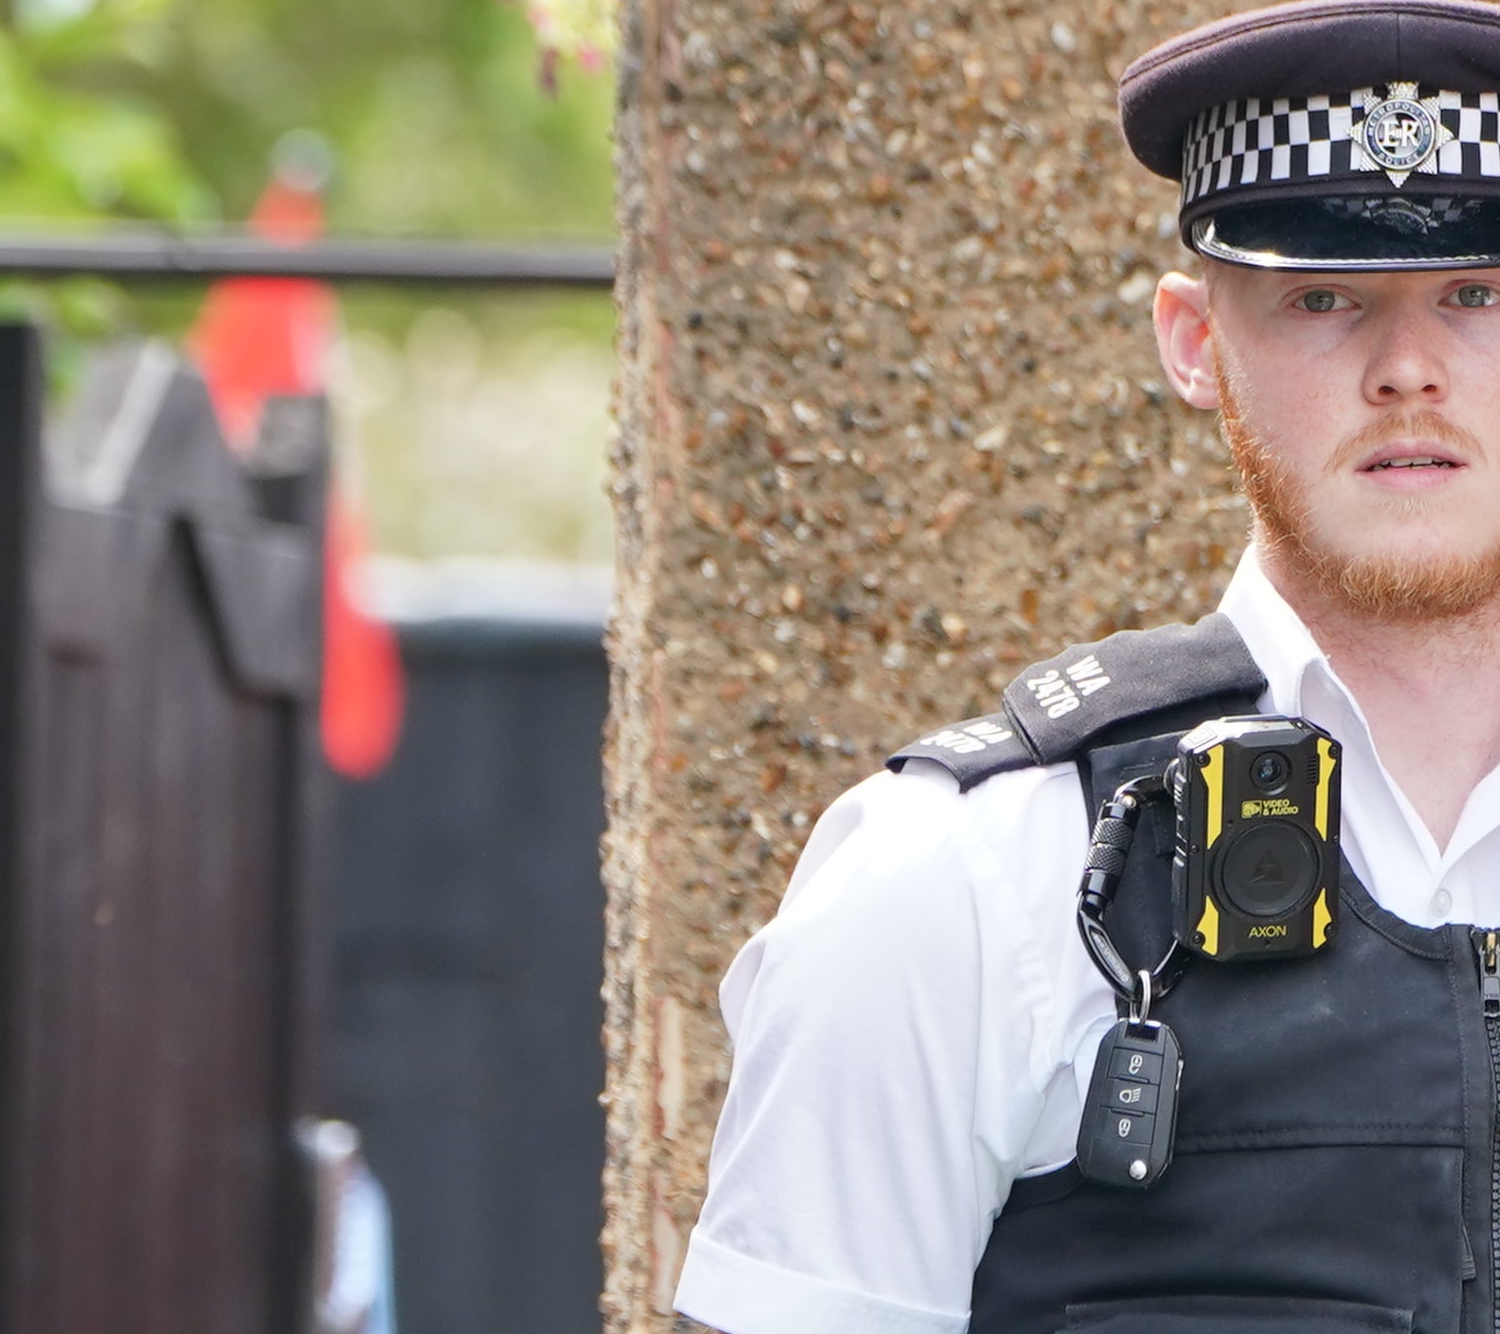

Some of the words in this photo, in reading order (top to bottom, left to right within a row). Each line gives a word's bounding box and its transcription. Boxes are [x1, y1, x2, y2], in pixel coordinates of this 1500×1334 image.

[1379, 118, 1420, 147] ER
[1066, 655, 1111, 696] WA
[1026, 670, 1080, 719] 2478
[1263, 798, 1290, 808] VIDEO
[1271, 806, 1299, 816] AUDIO
[1248, 925, 1287, 938] AXON

######

YOUR INSTRUCTIONS
Reproduce the data above without a single change, please, but without its pictures.

EXERCISE ANSWER
Some of the words in this photo, in reading order (top to bottom, left to right within a row). Each line gives a word's bounding box and its transcription. Boxes are [x1, y1, x2, y2], in pixel coordinates of this 1500×1334 image.

[1379, 118, 1420, 147] ER
[1066, 655, 1111, 696] WA
[1026, 670, 1080, 719] 2478
[1263, 798, 1290, 808] VIDEO
[1271, 806, 1299, 816] AUDIO
[1248, 925, 1287, 938] AXON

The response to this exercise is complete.